HEFFNER: … a lot of things would be turned upside down …

BOK: [Laughter]

HEFFNER: … in this nation. Am I, am I wrong?

BOK: Well, I … I’ve tried to look at this in a quite hard-headed way because I’m really very skeptical about vast Utopian reforms. I think what I’m suggesting in the book are a series of adjustments which I think would make the government function better … in turn … not in … in bringing about my policies or your policies … the whole book is built on trying to figure out how can we make the government function better to achieve the things that large majorities of Americans say they want to happen in this country. I think you could, you could significantly improve the government’s performance … not by any one big thing, but by a whole series of things. Underlying all that, the biggest single thing I think would be trying to greatly increase participation. And I think one change that that would have, is that it would mean that the welfare of the … not just poor people … but the welfare of the … what we … bottom forty or fifty percent of the American people would be taken more seriously than it is now. Because quite apart from the fact that we have the highest poverty rates, by the far the largest number of children in poverty, we do less to get people out of poverty … all of those things are true and often remarked on. What isn’t always looked at is if you look at the kind of legislation that serves the interests of working people, that makes it possible to hold a job and, and look after your family … that gives you child care, that gives you pre-school, that gives you security from the basic hazards of life, consistently in the comparisons that I make between the United States and other leading democracies … we fall behind. And the most obvious reason for that is that Americans in the bottom fifty percent of the income scale simply vote at very much lower rates that the rest of Americans, and very much lower rates than people … their counterparts in other industrial democracies. So that would be one big change that would have, I think, substantial beneficial results in the quality of our government.

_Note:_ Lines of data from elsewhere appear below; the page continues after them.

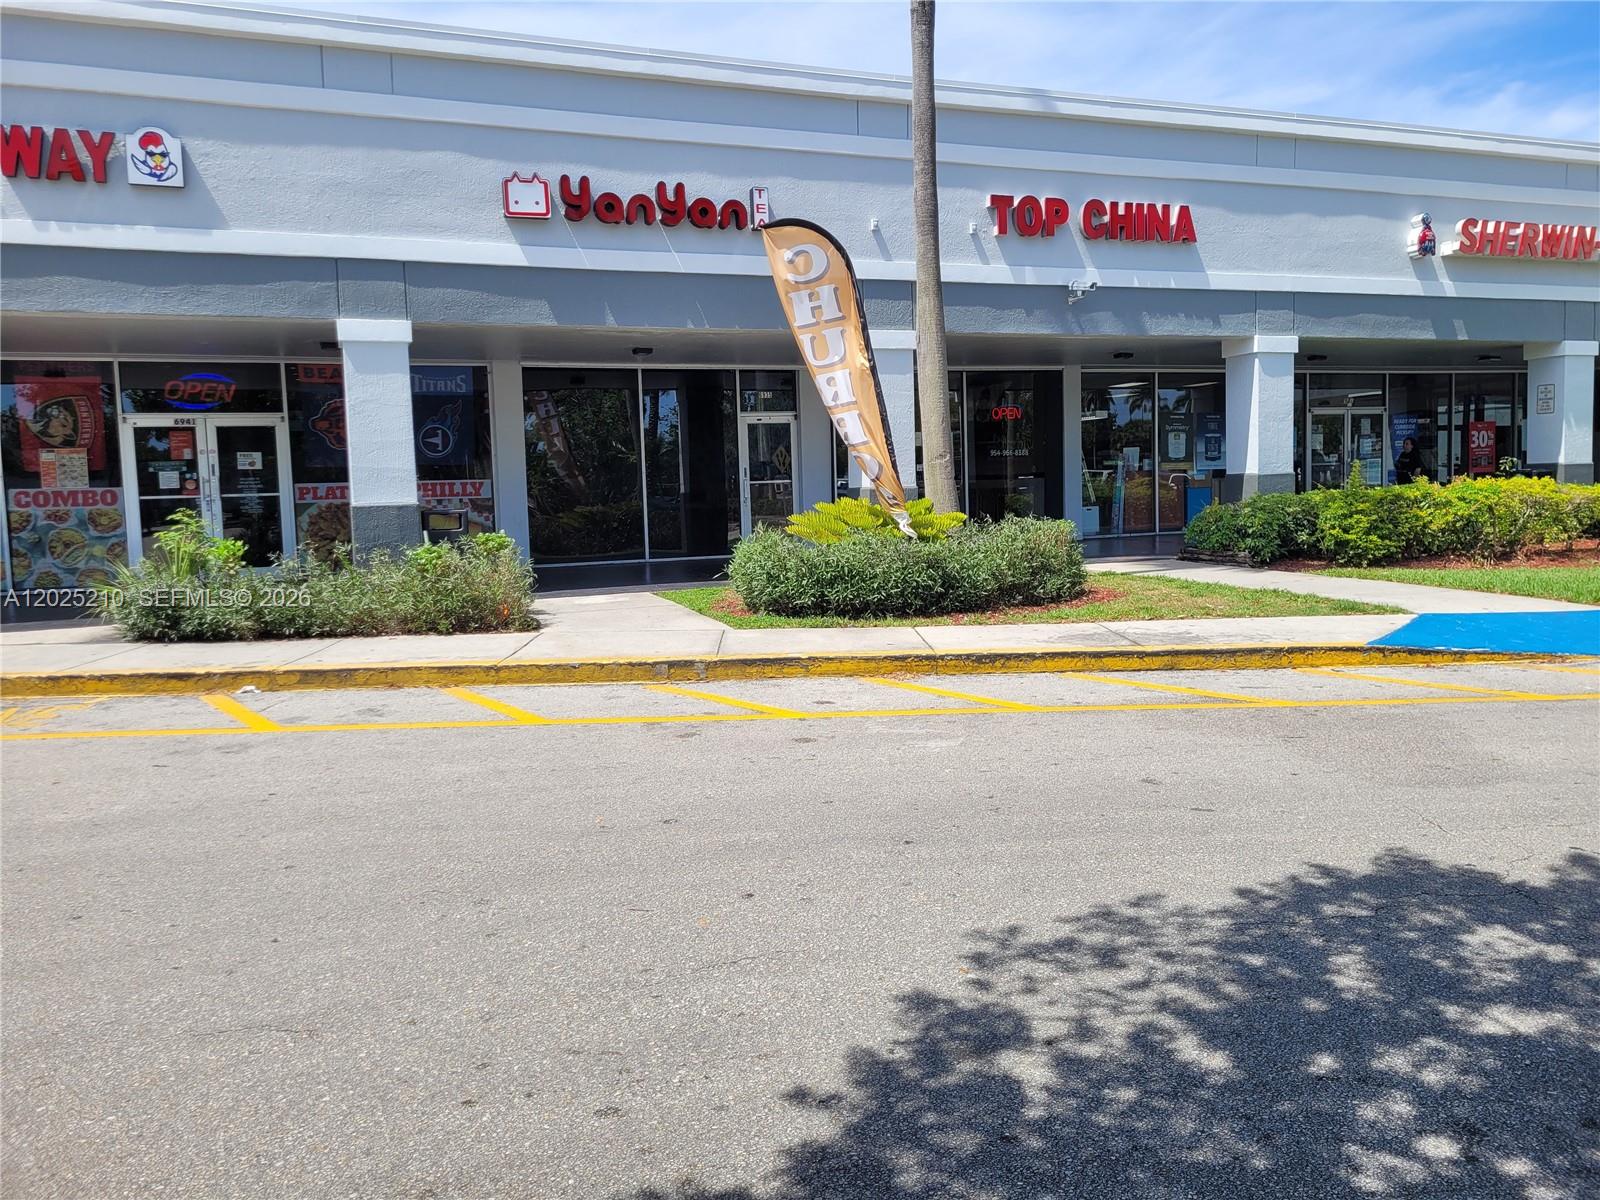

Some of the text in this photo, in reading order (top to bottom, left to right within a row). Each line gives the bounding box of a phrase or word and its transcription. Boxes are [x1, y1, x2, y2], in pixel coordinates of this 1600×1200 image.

[0, 124, 116, 184] WAY
[753, 187, 770, 228] TEA
[987, 194, 1198, 243] TOP CHINA
[164, 380, 237, 402] OPEN
[174, 418, 196, 426] 6941
[992, 407, 1022, 419] OPEN
[13, 490, 119, 509] COMBO
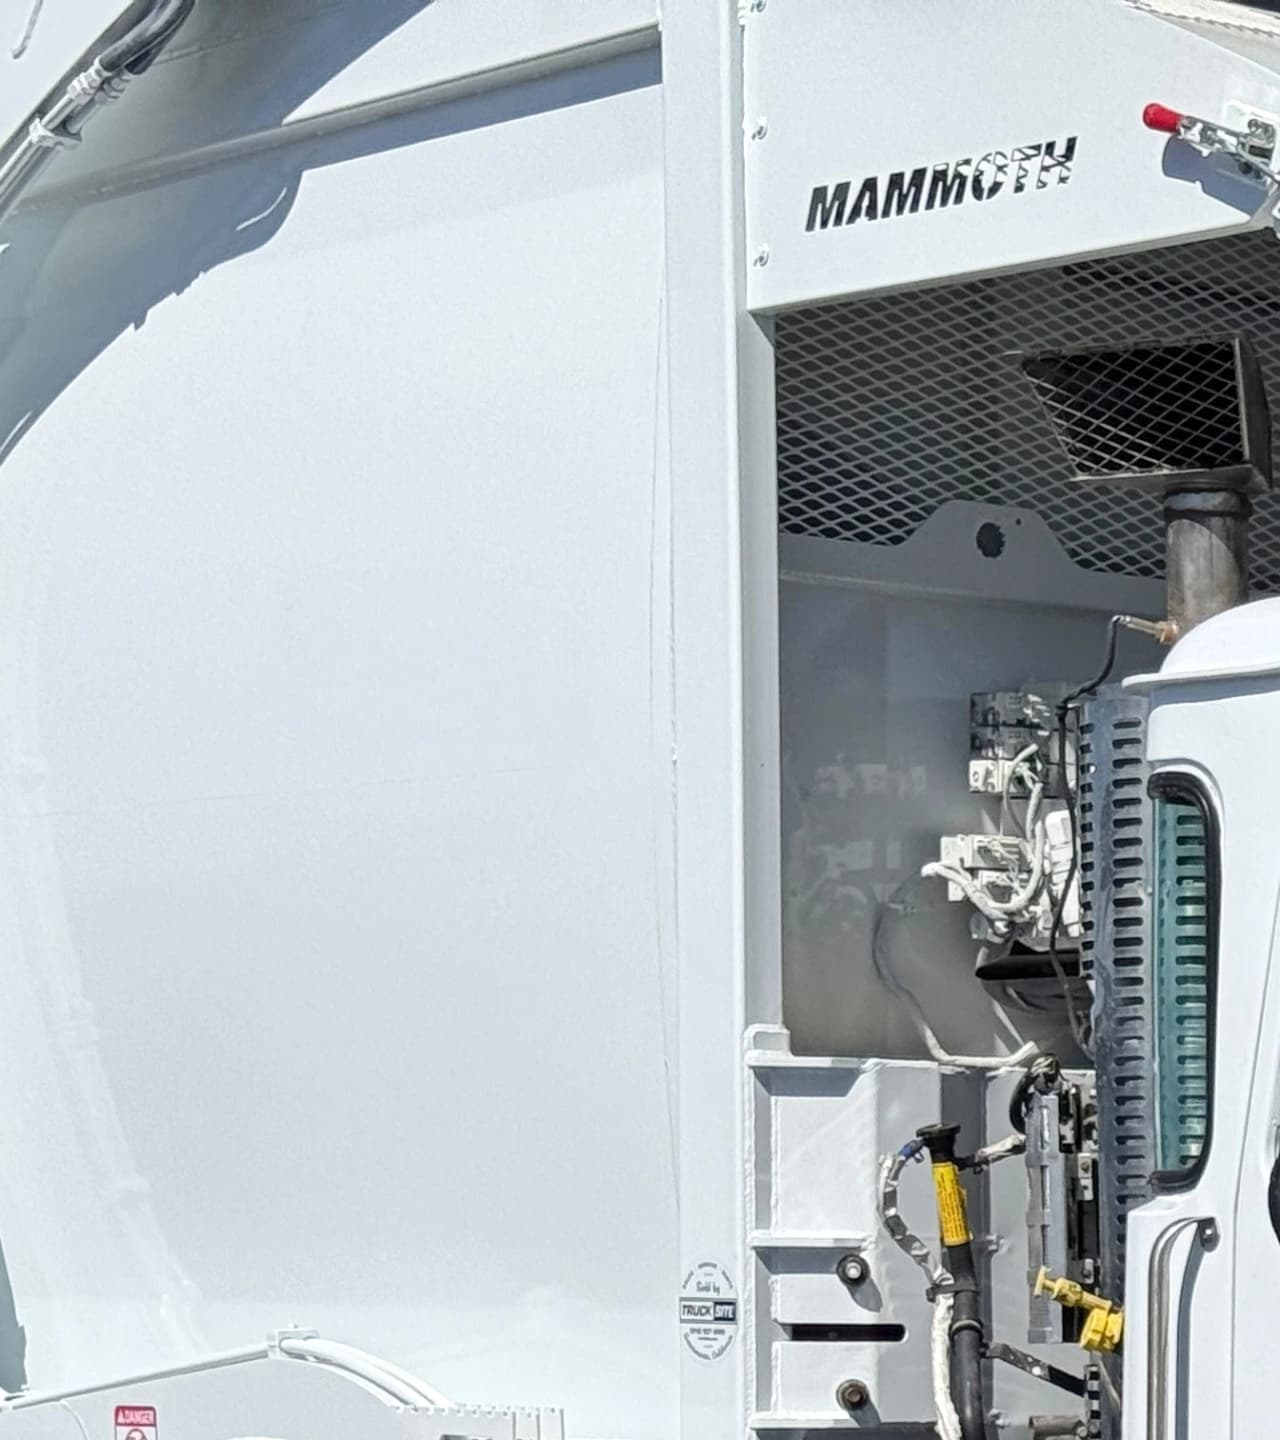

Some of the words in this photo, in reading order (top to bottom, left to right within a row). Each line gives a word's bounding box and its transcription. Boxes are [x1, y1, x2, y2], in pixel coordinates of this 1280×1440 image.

[804, 136, 1078, 232] MAMMOTH
[682, 1304, 712, 1317] TRUCK
[715, 1303, 735, 1317] SITE

HEFFNER: Derek Bok, thank you so much for joining me again today on The Open Mind …

BOK: Thank you.

HEFFNER: And, you know, I’m going to vote for you … certainly I’m going to vote for “The Trouble With Government”. It’s not “The Trouble With Harry” because you don’t think we’re dead, and I’m glad that you’ve written this book and hope everyone buys it, reads it, makes it another “Democracy In America”.

BOK: Thank you so much for inviting me.

HEFFNER: Thanks. And thanks, too, to you in the audience. I hope you join us again next time. If you would like a transcript of today’s program, please send four dollars in check or money order to: The Open Mind, P. O. Box 7977, F.D.R. Station, New York, New York 10150

Meanwhile, as an old friend used to say, “Good night and good luck”.

N.B. Every effort has been made to ensure the accuracy of this transcript. It may not, however, be a verbatim copy of the program.